» PROBLEM
Reproduce all of the entries character for character, while leaving out any pictures they contain.

━━ MATERIALS PROVIDED ━━

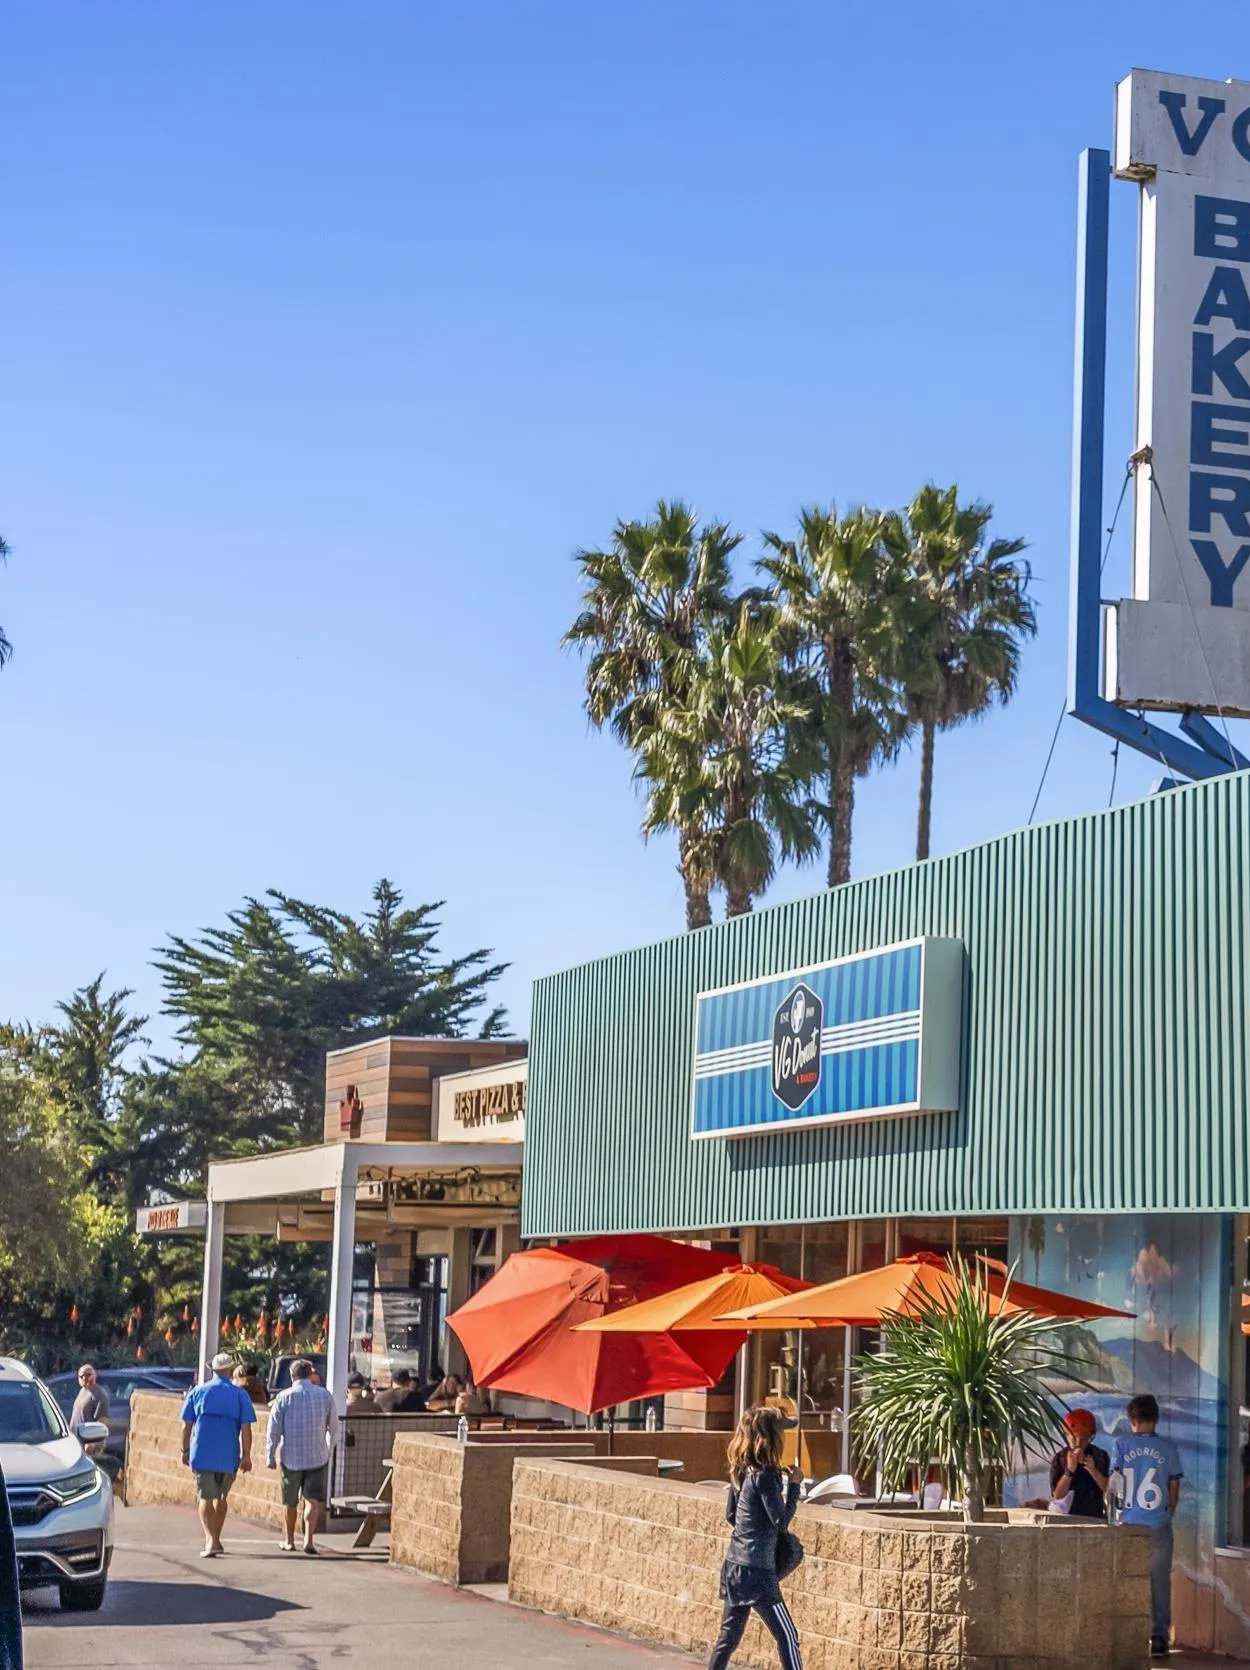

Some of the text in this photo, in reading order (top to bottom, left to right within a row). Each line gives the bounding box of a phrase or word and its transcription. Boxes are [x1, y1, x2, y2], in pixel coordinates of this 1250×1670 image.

[775, 1036, 791, 1090] VG
[454, 1090, 478, 1120] BEST
[480, 1085, 508, 1116] PIZZA
[511, 1082, 518, 1112] &
[1123, 1468, 1163, 1511] 16

━━━

» TASK RESPONSE
Some of the text in this photo, in reading order (top to bottom, left to right within a row). Each line gives the bounding box of a phrase or word and its transcription. Boxes are [x1, y1, x2, y2], in pixel coordinates of this 1250×1670 image.

[775, 1036, 791, 1090] VG
[454, 1090, 478, 1120] BEST
[480, 1085, 508, 1116] PIZZA
[511, 1082, 518, 1112] &
[1123, 1468, 1163, 1511] 16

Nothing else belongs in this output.